Input for this task below:

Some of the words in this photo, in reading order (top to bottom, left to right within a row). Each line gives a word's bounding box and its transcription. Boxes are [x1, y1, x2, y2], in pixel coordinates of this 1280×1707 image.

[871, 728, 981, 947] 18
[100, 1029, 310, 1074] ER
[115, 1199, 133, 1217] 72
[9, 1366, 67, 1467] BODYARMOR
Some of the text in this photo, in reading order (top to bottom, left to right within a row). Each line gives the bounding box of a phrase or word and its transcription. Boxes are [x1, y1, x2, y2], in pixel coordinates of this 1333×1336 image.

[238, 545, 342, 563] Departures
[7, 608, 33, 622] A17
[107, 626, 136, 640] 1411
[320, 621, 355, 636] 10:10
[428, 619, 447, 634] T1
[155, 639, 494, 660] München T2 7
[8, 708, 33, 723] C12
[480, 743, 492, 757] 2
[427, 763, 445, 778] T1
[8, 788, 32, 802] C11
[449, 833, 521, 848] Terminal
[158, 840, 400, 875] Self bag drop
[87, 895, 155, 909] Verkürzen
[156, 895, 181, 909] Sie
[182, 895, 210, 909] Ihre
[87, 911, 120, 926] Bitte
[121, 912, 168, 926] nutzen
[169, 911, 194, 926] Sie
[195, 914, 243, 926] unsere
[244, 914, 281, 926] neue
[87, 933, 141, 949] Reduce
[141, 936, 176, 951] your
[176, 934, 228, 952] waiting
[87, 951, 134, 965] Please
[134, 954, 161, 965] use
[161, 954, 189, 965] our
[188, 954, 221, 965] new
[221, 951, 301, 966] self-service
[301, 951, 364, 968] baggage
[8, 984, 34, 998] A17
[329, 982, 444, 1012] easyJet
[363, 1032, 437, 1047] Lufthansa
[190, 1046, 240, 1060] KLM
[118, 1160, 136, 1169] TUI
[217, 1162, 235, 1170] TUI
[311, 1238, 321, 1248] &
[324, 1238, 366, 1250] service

End of Input for this task.

Where the line containing "Some of the text" appears, begin a word-for-word copy and carry it through the last line of the listing, leaving out all other lines.

Some of the text in this photo, in reading order (top to bottom, left to right within a row). Each line gives the bounding box of a phrase or word and its transcription. Boxes are [x1, y1, x2, y2], in pixel coordinates of this 1333×1336 image.

[238, 545, 342, 563] Departures
[7, 608, 33, 622] A17
[107, 626, 136, 640] 1411
[320, 621, 355, 636] 10:10
[428, 619, 447, 634] T1
[155, 639, 494, 660] München T2 7
[8, 708, 33, 723] C12
[480, 743, 492, 757] 2
[427, 763, 445, 778] T1
[8, 788, 32, 802] C11
[449, 833, 521, 848] Terminal
[158, 840, 400, 875] Self bag drop
[87, 895, 155, 909] Verkürzen
[156, 895, 181, 909] Sie
[182, 895, 210, 909] Ihre
[87, 911, 120, 926] Bitte
[121, 912, 168, 926] nutzen
[169, 911, 194, 926] Sie
[195, 914, 243, 926] unsere
[244, 914, 281, 926] neue
[87, 933, 141, 949] Reduce
[141, 936, 176, 951] your
[176, 934, 228, 952] waiting
[87, 951, 134, 965] Please
[134, 954, 161, 965] use
[161, 954, 189, 965] our
[188, 954, 221, 965] new
[221, 951, 301, 966] self-service
[301, 951, 364, 968] baggage
[8, 984, 34, 998] A17
[329, 982, 444, 1012] easyJet
[363, 1032, 437, 1047] Lufthansa
[190, 1046, 240, 1060] KLM
[118, 1160, 136, 1169] TUI
[217, 1162, 235, 1170] TUI
[311, 1238, 321, 1248] &
[324, 1238, 366, 1250] service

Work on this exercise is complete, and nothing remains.